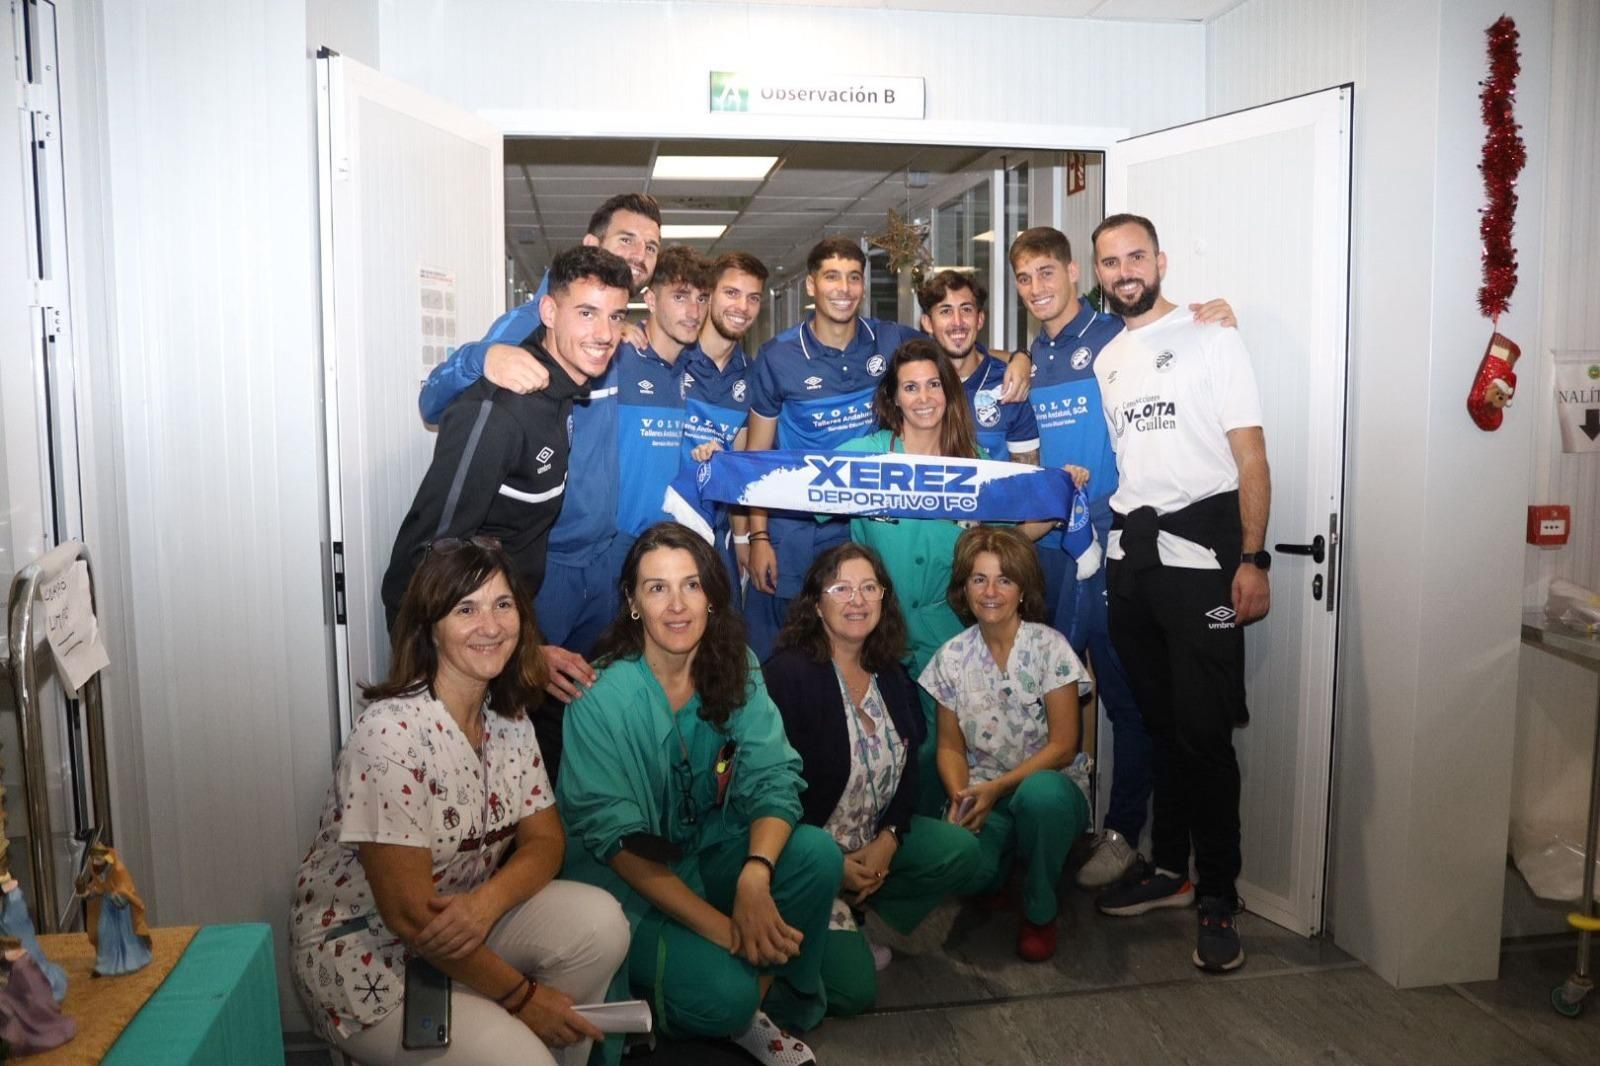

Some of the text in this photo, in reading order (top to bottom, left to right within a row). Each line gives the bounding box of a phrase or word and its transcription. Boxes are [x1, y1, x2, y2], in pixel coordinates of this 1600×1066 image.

[761, 86, 896, 104] Observación B
[811, 401, 874, 420] VOLV
[808, 458, 978, 494] XEREZ
[808, 489, 976, 509] DEPORTIVO FC
[1208, 622, 1236, 630] umbro
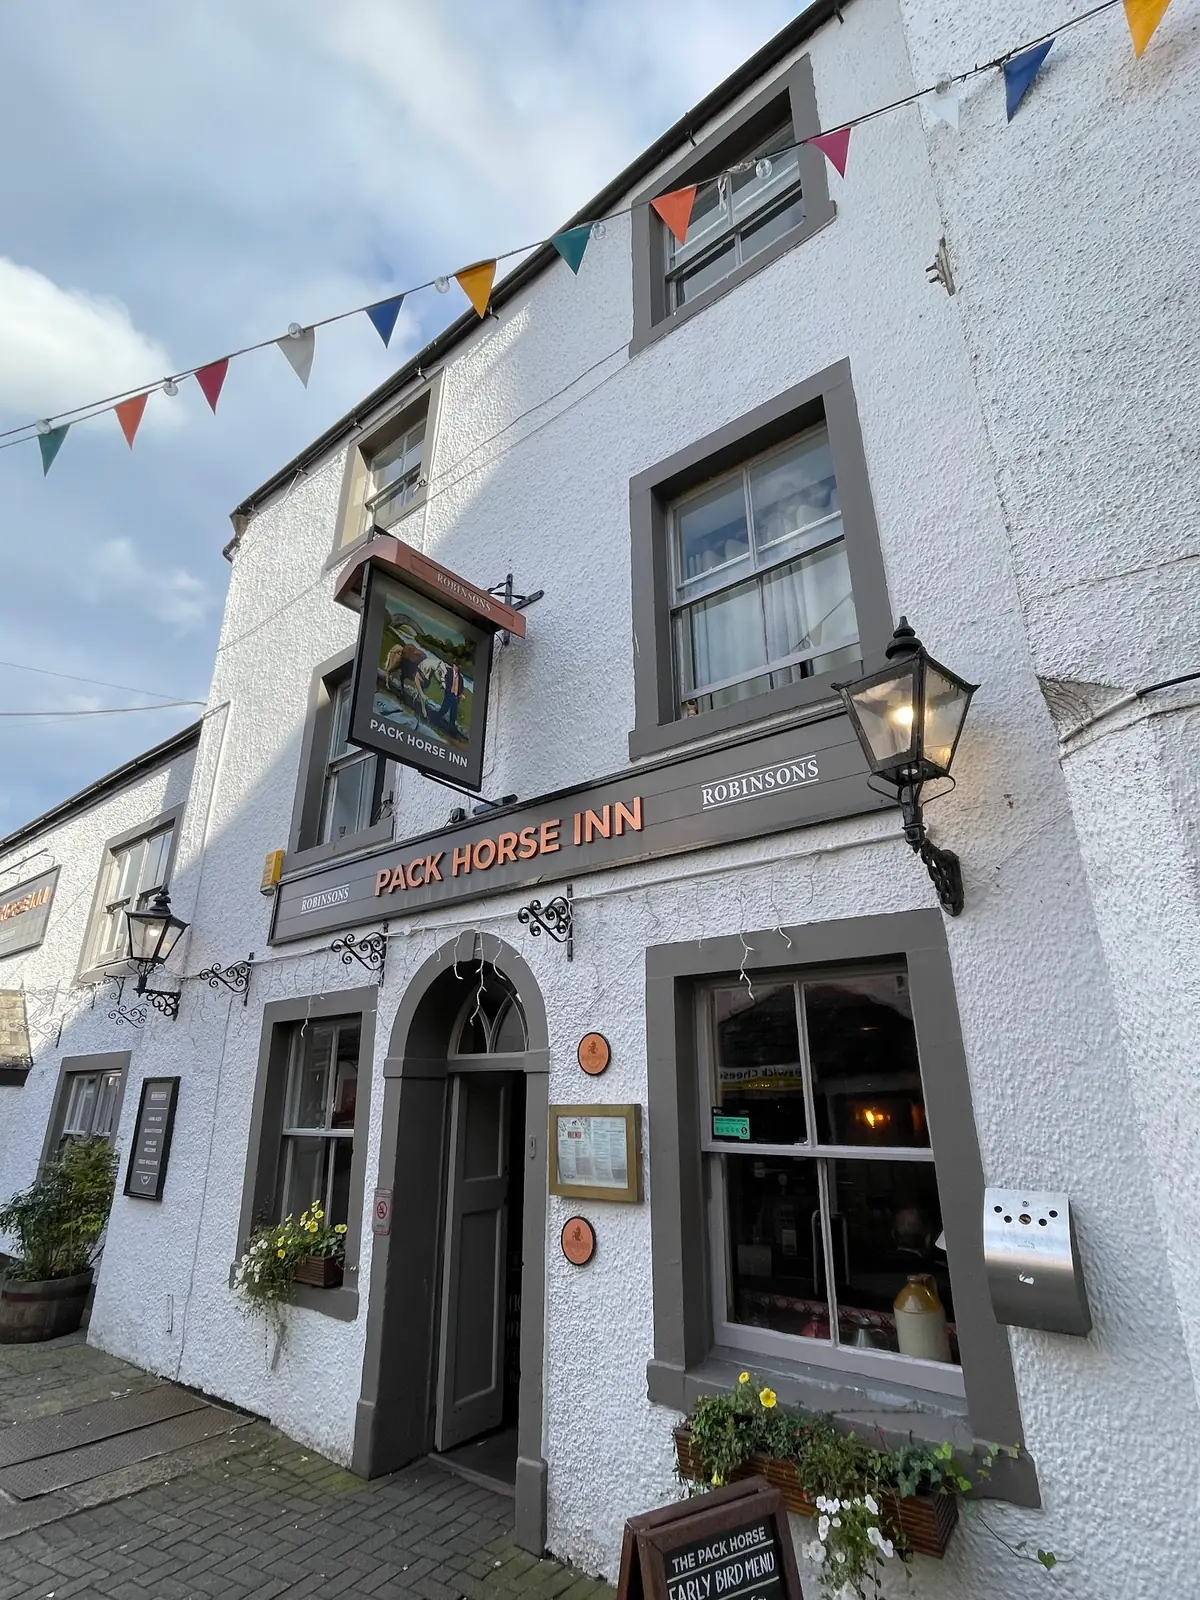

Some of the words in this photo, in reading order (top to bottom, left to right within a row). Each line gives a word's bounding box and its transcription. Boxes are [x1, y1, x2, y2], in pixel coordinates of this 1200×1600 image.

[436, 573, 492, 612] ROBINSONS
[370, 718, 403, 742] PACK
[407, 734, 446, 759] HORSE
[449, 751, 468, 768] INN
[701, 759, 820, 806] ROBINSONS
[374, 852, 444, 897] PACK
[452, 819, 561, 877] HORSE
[573, 796, 643, 846] INN
[301, 887, 350, 911] ROBINSONS
[672, 1552, 696, 1573] THE
[698, 1540, 728, 1564] PACK
[729, 1526, 767, 1552] HORSE
[668, 1573, 712, 1600] EARLY
[715, 1563, 744, 1593] BIRD
[744, 1551, 775, 1581] MENU

> Problem statement: Quote every record above exactly, leaving out the pictures.

> Solution for this problem:
Some of the text in this photo, in reading order (top to bottom, left to right within a row). Each line gives the bounding box of a phrase or word and its transcription. Boxes are [x1, y1, x2, y2], in pixel coordinates of this 1600×1066 image.

[761, 86, 896, 104] Observación B
[811, 401, 874, 420] VOLV
[808, 458, 978, 494] XEREZ
[808, 489, 976, 509] DEPORTIVO FC
[1208, 622, 1236, 630] umbro

Some of the words in this photo, in reading order (top to bottom, left to right within a row). Each line gives a word's bounding box and its transcription. Boxes are [x1, y1, x2, y2], in pixel coordinates of this 1200×1600 image.

[436, 573, 492, 612] ROBINSONS
[370, 718, 403, 742] PACK
[407, 734, 446, 759] HORSE
[449, 751, 468, 768] INN
[701, 759, 820, 806] ROBINSONS
[374, 852, 444, 897] PACK
[452, 819, 561, 877] HORSE
[573, 796, 643, 846] INN
[301, 887, 350, 911] ROBINSONS
[672, 1552, 696, 1573] THE
[698, 1540, 728, 1564] PACK
[729, 1526, 767, 1552] HORSE
[668, 1573, 712, 1600] EARLY
[715, 1563, 744, 1593] BIRD
[744, 1551, 775, 1581] MENU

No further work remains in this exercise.